____ DATA SHOWN

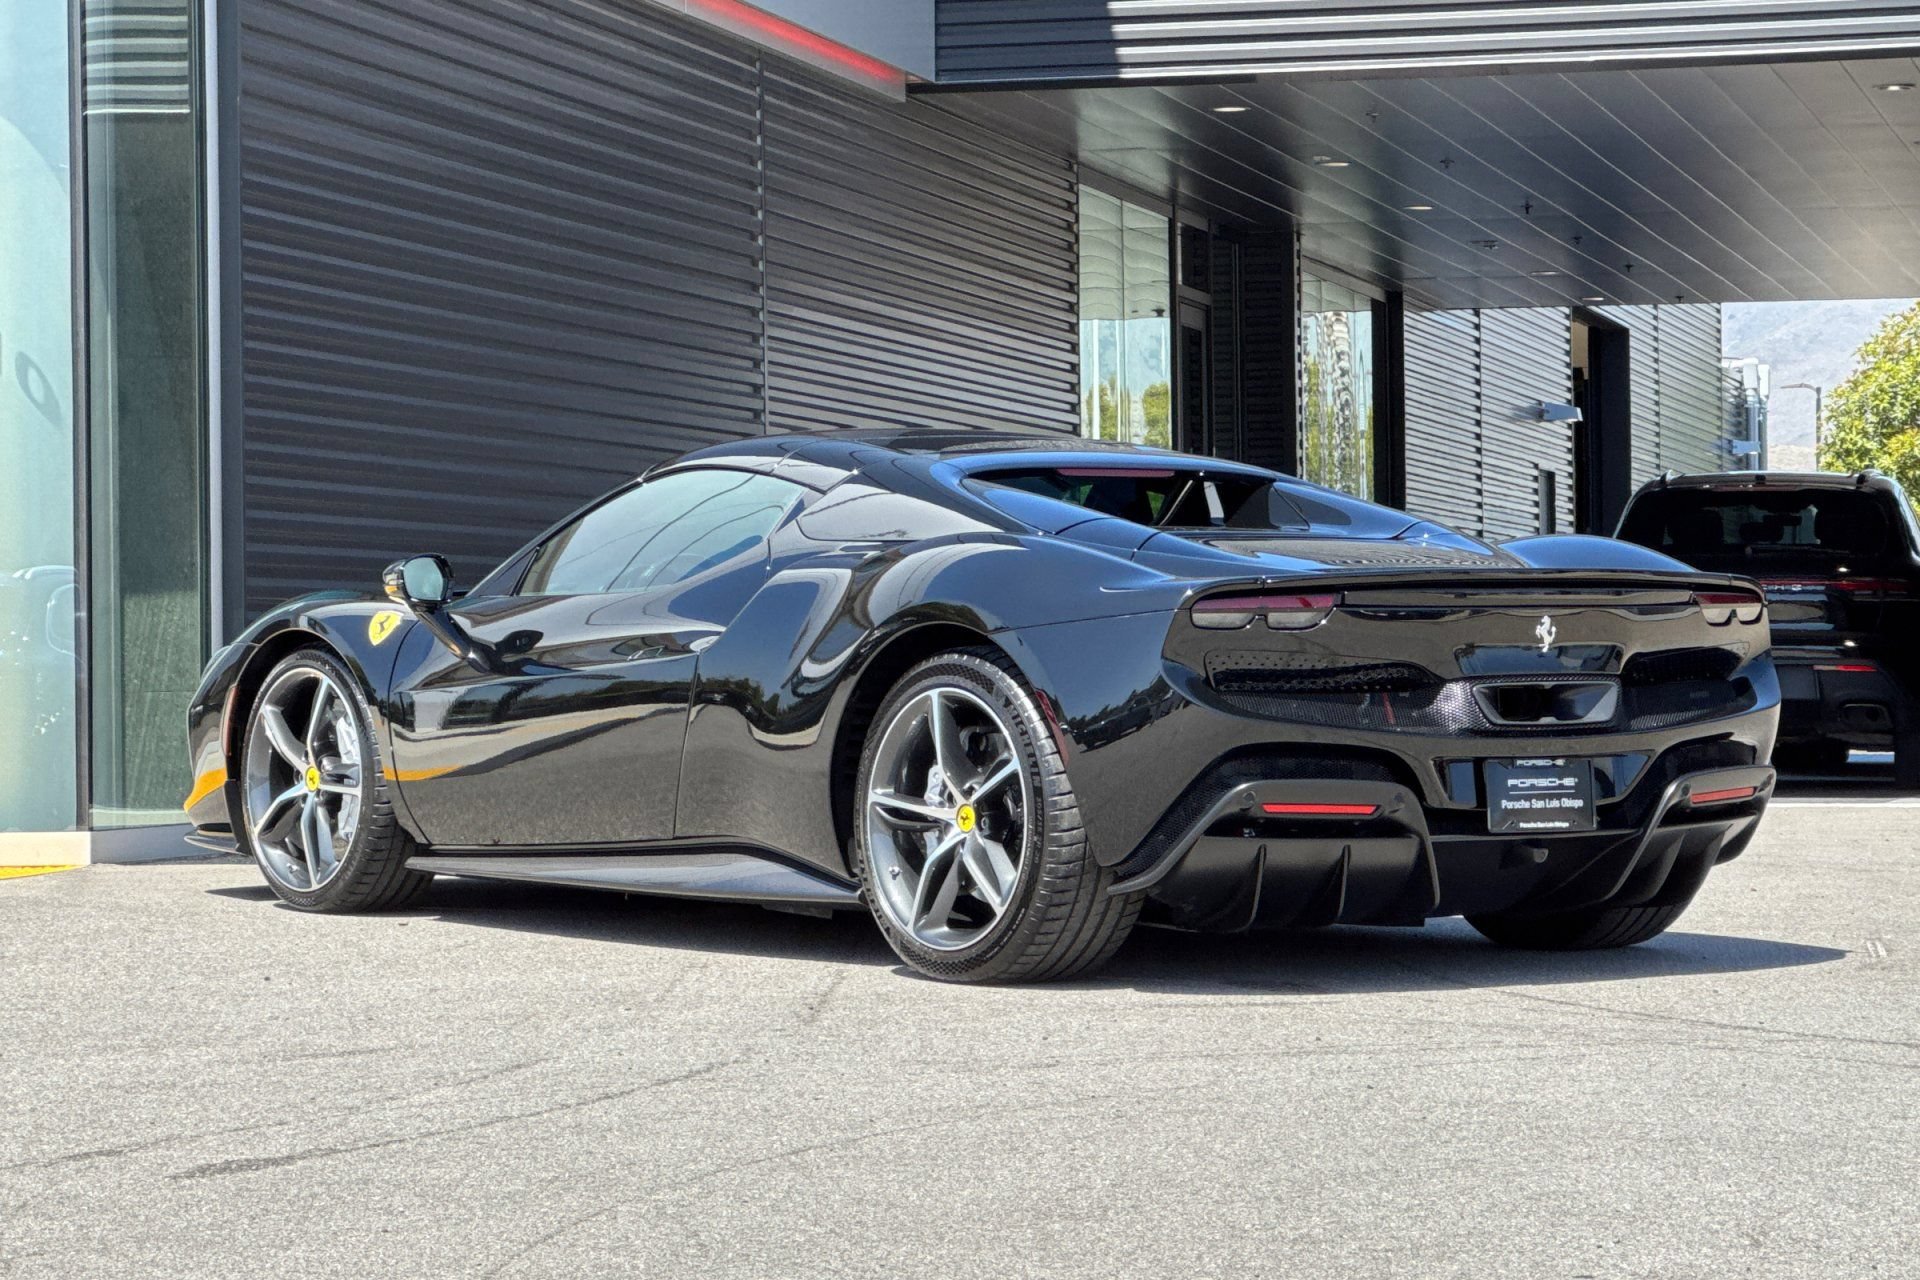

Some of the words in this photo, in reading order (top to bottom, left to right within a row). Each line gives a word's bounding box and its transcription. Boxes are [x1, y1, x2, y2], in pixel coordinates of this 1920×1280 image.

[1501, 799, 1530, 809] Porsche
[1531, 799, 1545, 809] San
[1545, 798, 1561, 808] Luis
[1561, 797, 1584, 809] Obispo

________

TASK PROMPT =>
Leaving out the pictures, output each line above exactly as it is.

RESPONSE =>
Some of the words in this photo, in reading order (top to bottom, left to right within a row). Each line gives a word's bounding box and its transcription. Boxes are [x1, y1, x2, y2], in pixel coordinates of this 1920×1280 image.

[1501, 799, 1530, 809] Porsche
[1531, 799, 1545, 809] San
[1545, 798, 1561, 808] Luis
[1561, 797, 1584, 809] Obispo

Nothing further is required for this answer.